● Exercise description:
Give the data below again exactly as written, without its pictures.

● Available data:
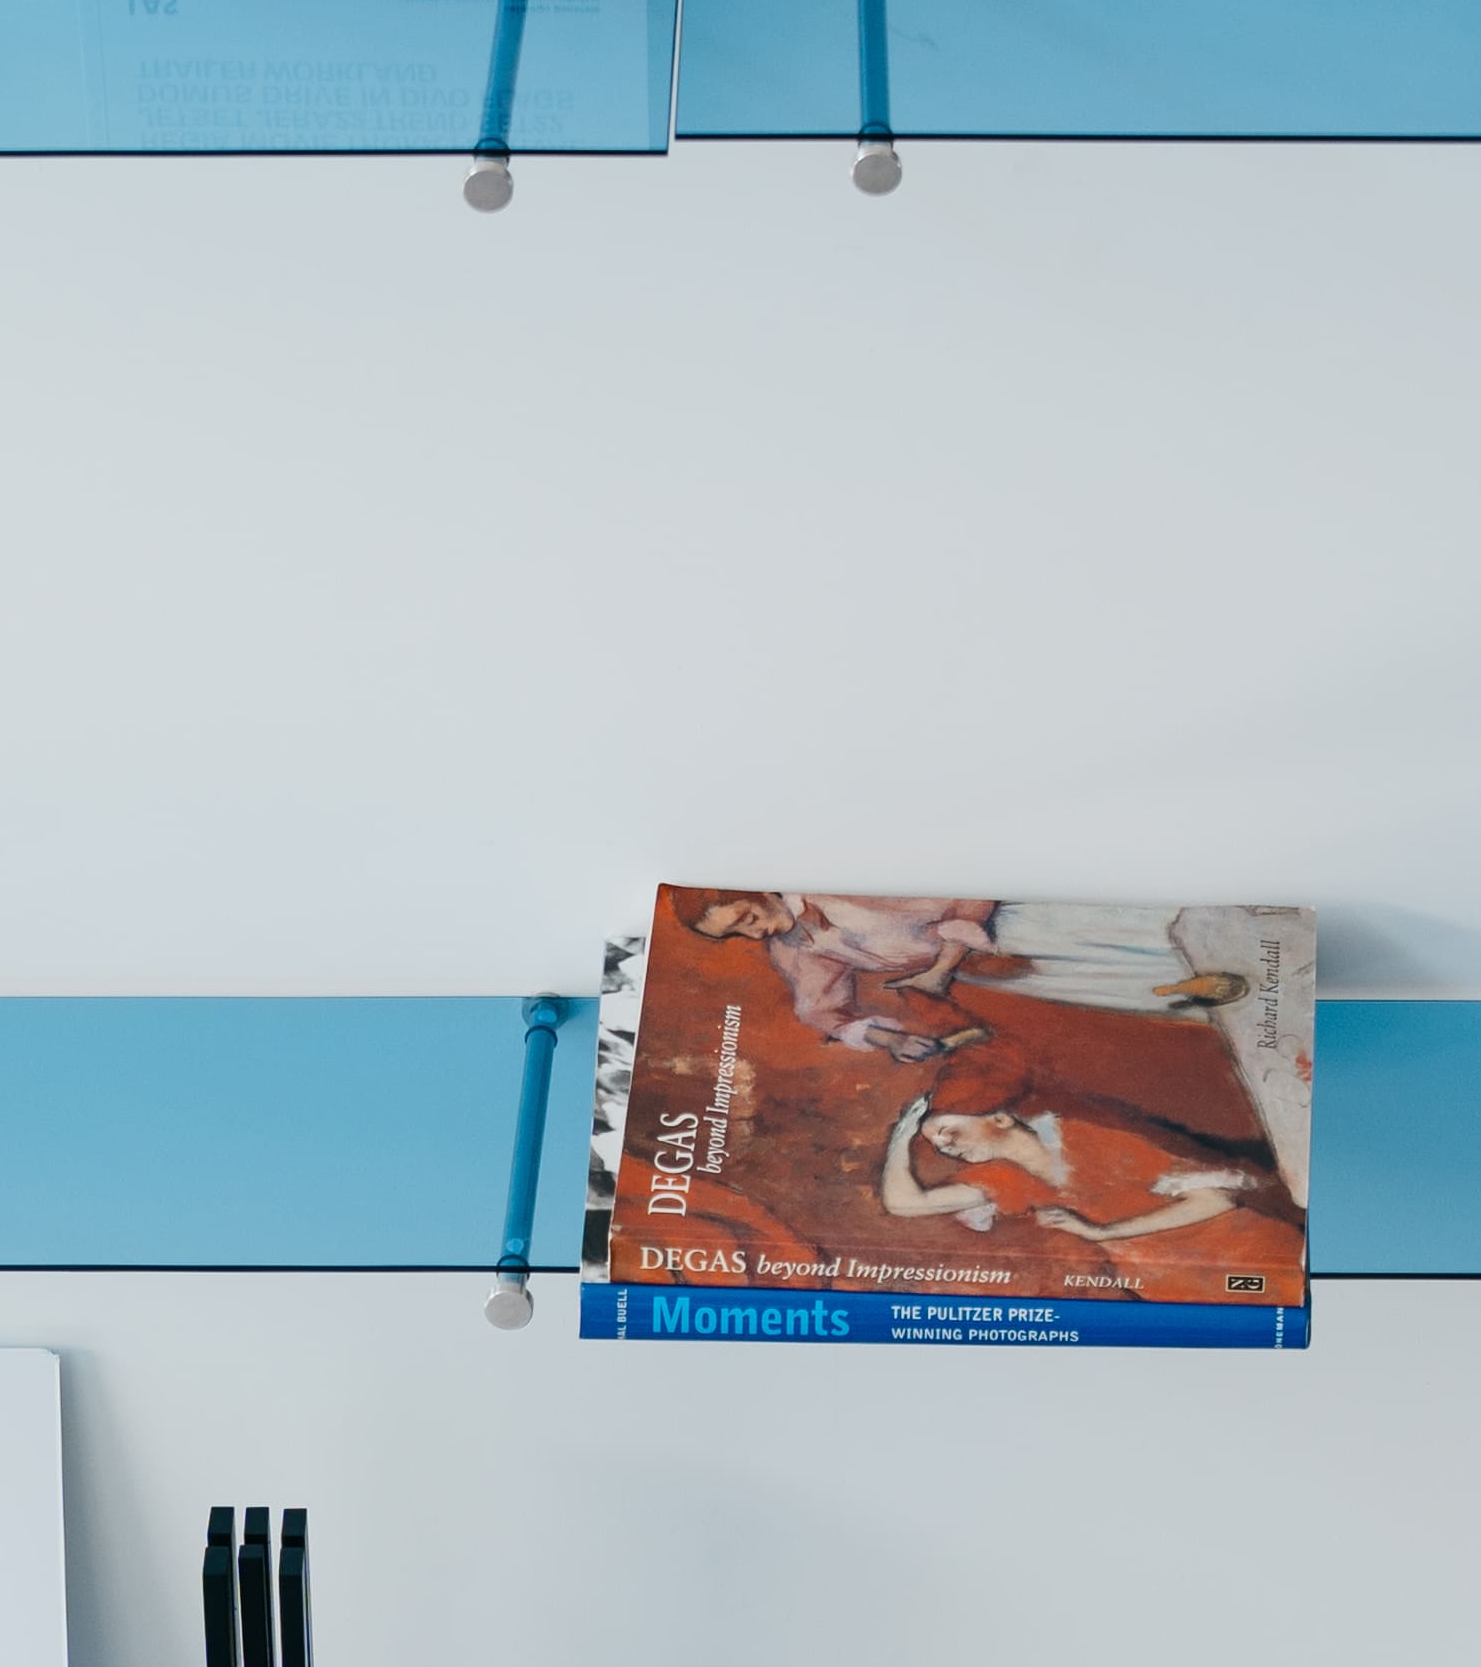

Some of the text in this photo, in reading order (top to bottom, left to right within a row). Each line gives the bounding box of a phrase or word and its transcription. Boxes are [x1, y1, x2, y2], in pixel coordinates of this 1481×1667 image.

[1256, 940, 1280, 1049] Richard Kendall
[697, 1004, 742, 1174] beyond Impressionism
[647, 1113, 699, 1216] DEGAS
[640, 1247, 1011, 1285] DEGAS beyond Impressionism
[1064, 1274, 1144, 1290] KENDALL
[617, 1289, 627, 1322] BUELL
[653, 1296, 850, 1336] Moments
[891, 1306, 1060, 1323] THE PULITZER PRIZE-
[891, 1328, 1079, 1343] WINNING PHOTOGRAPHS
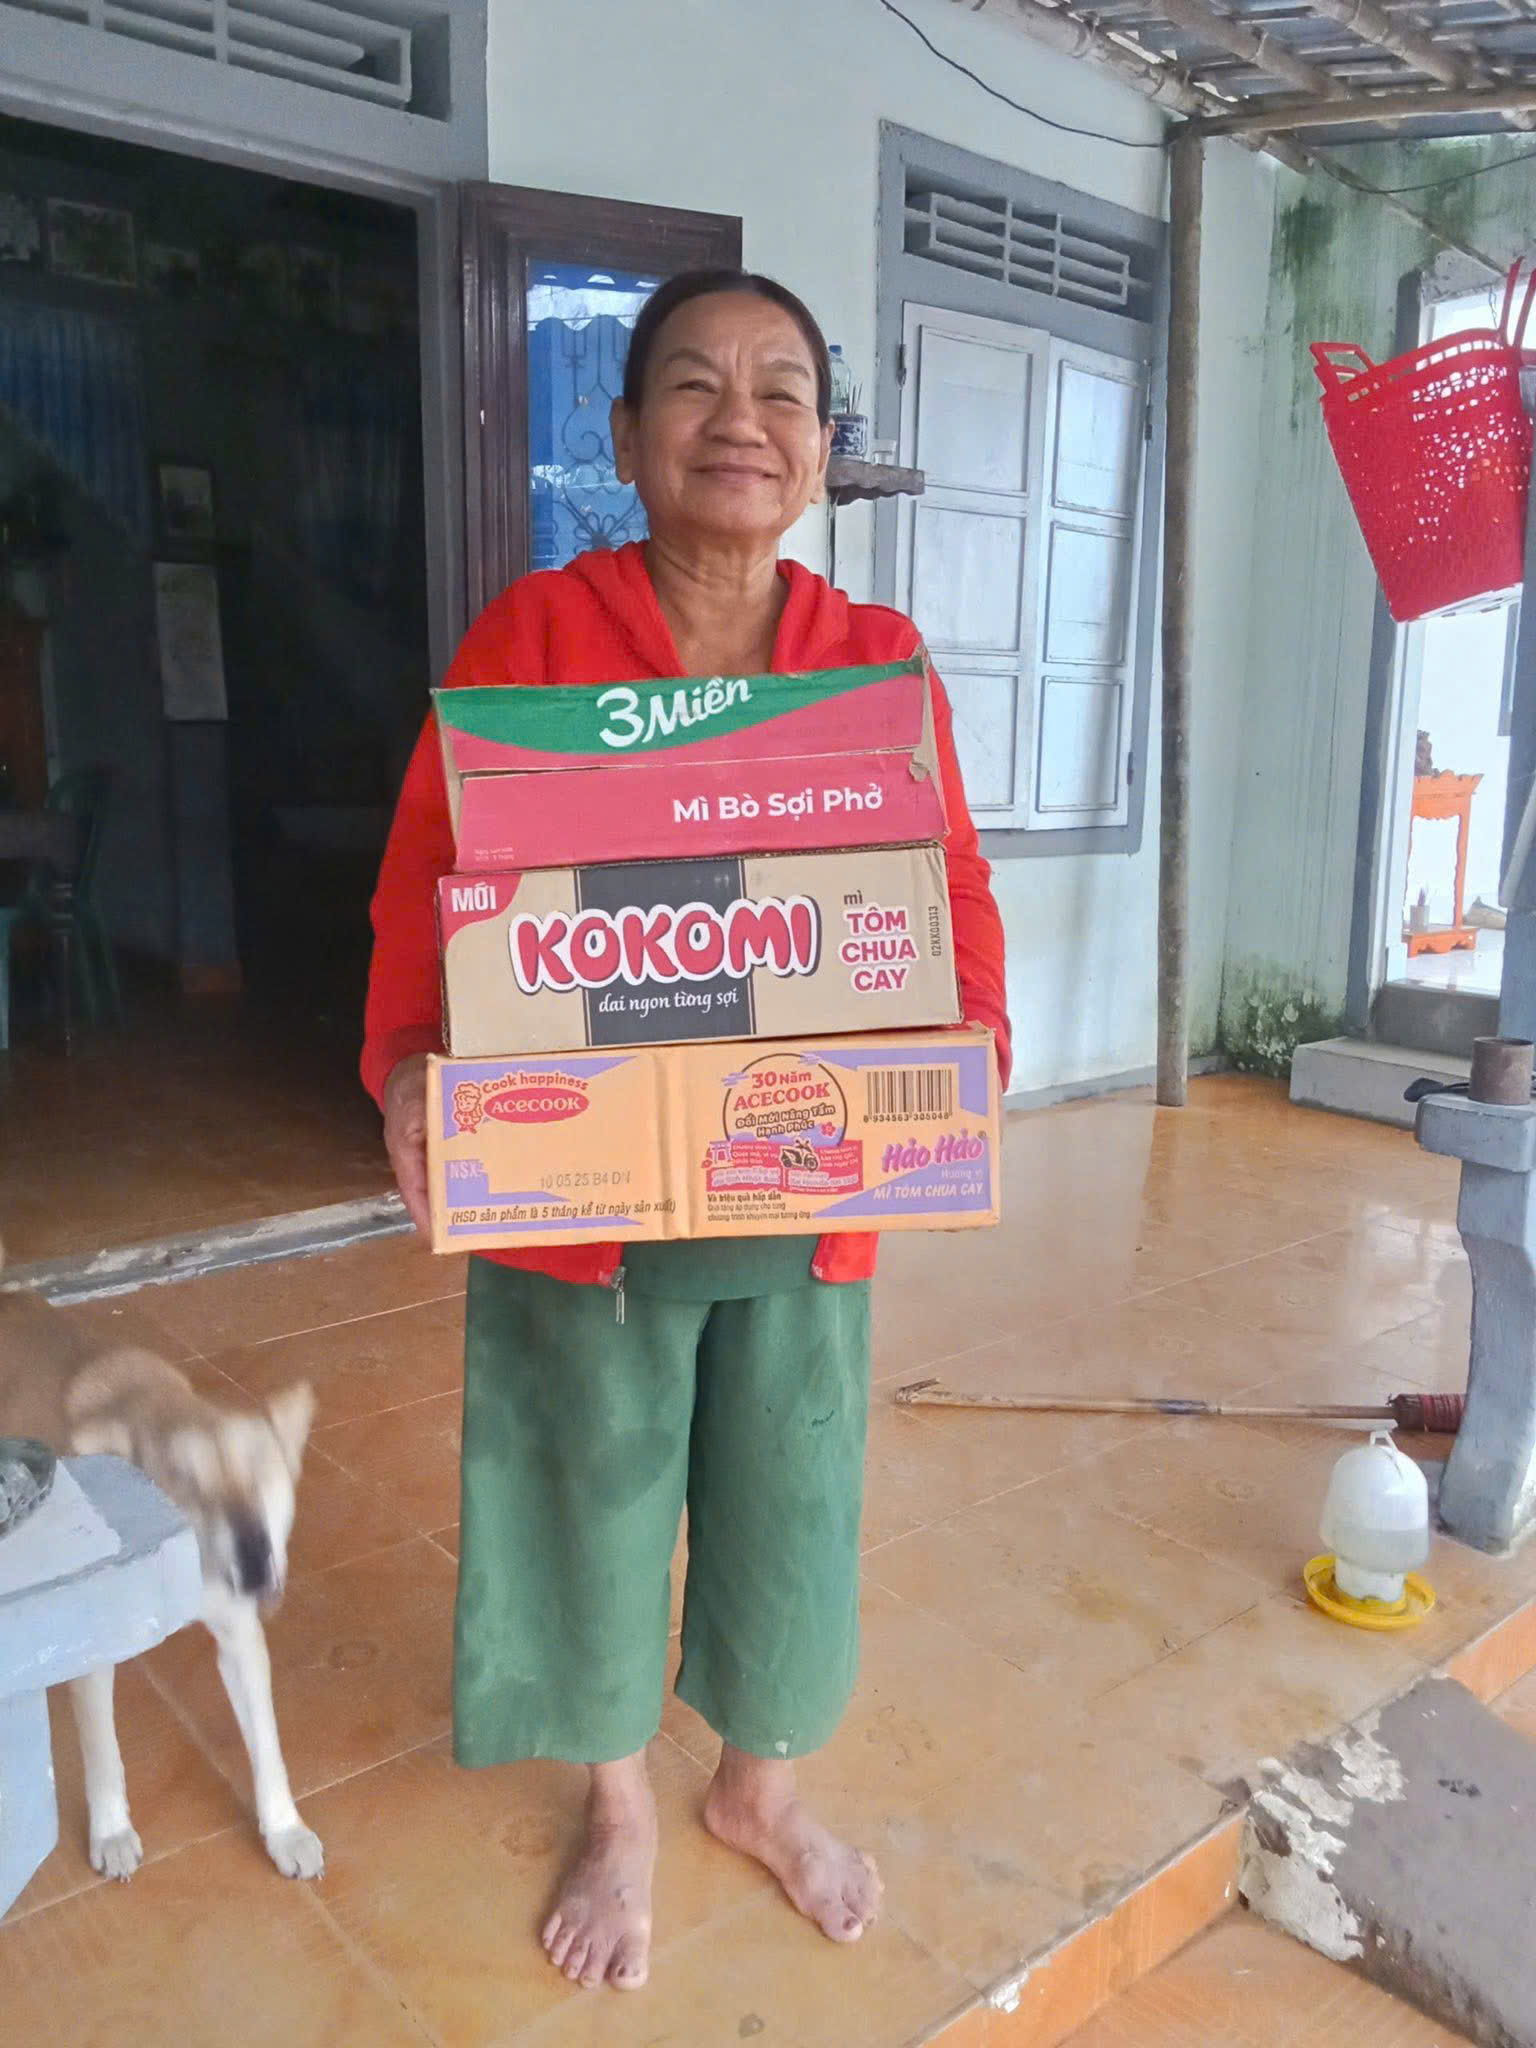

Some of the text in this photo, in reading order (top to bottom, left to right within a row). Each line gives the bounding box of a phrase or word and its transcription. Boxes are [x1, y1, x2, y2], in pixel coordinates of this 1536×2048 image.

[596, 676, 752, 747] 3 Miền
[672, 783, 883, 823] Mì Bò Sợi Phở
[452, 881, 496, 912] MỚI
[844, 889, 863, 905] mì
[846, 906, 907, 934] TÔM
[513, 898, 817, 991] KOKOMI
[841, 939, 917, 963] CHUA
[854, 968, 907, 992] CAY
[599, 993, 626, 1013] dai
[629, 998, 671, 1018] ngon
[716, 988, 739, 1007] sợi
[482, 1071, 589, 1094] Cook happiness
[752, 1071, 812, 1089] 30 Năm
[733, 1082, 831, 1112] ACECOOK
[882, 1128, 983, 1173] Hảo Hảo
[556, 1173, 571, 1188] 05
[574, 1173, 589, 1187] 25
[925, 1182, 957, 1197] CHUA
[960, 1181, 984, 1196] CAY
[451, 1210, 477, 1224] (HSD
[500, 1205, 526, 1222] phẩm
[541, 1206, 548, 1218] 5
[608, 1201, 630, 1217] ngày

● Exercise output:
Some of the text in this photo, in reading order (top to bottom, left to right within a row). Each line gives the bounding box of a phrase or word and its transcription. Boxes are [x1, y1, x2, y2], in pixel coordinates of this 1481×1667 image.

[1256, 940, 1280, 1049] Richard Kendall
[697, 1004, 742, 1174] beyond Impressionism
[647, 1113, 699, 1216] DEGAS
[640, 1247, 1011, 1285] DEGAS beyond Impressionism
[1064, 1274, 1144, 1290] KENDALL
[617, 1289, 627, 1322] BUELL
[653, 1296, 850, 1336] Moments
[891, 1306, 1060, 1323] THE PULITZER PRIZE-
[891, 1328, 1079, 1343] WINNING PHOTOGRAPHS

Some of the text in this photo, in reading order (top to bottom, left to right within a row). Each line gives the bounding box of a phrase or word and its transcription. Boxes are [x1, y1, x2, y2], in pixel coordinates of this 1536×2048 image.

[596, 676, 752, 747] 3 Miền
[672, 783, 883, 823] Mì Bò Sợi Phở
[452, 881, 496, 912] MỚI
[844, 889, 863, 905] mì
[846, 906, 907, 934] TÔM
[513, 898, 817, 991] KOKOMI
[841, 939, 917, 963] CHUA
[854, 968, 907, 992] CAY
[599, 993, 626, 1013] dai
[629, 998, 671, 1018] ngon
[716, 988, 739, 1007] sợi
[482, 1071, 589, 1094] Cook happiness
[752, 1071, 812, 1089] 30 Năm
[733, 1082, 831, 1112] ACECOOK
[882, 1128, 983, 1173] Hảo Hảo
[556, 1173, 571, 1188] 05
[574, 1173, 589, 1187] 25
[925, 1182, 957, 1197] CHUA
[960, 1181, 984, 1196] CAY
[451, 1210, 477, 1224] (HSD
[500, 1205, 526, 1222] phẩm
[541, 1206, 548, 1218] 5
[608, 1201, 630, 1217] ngày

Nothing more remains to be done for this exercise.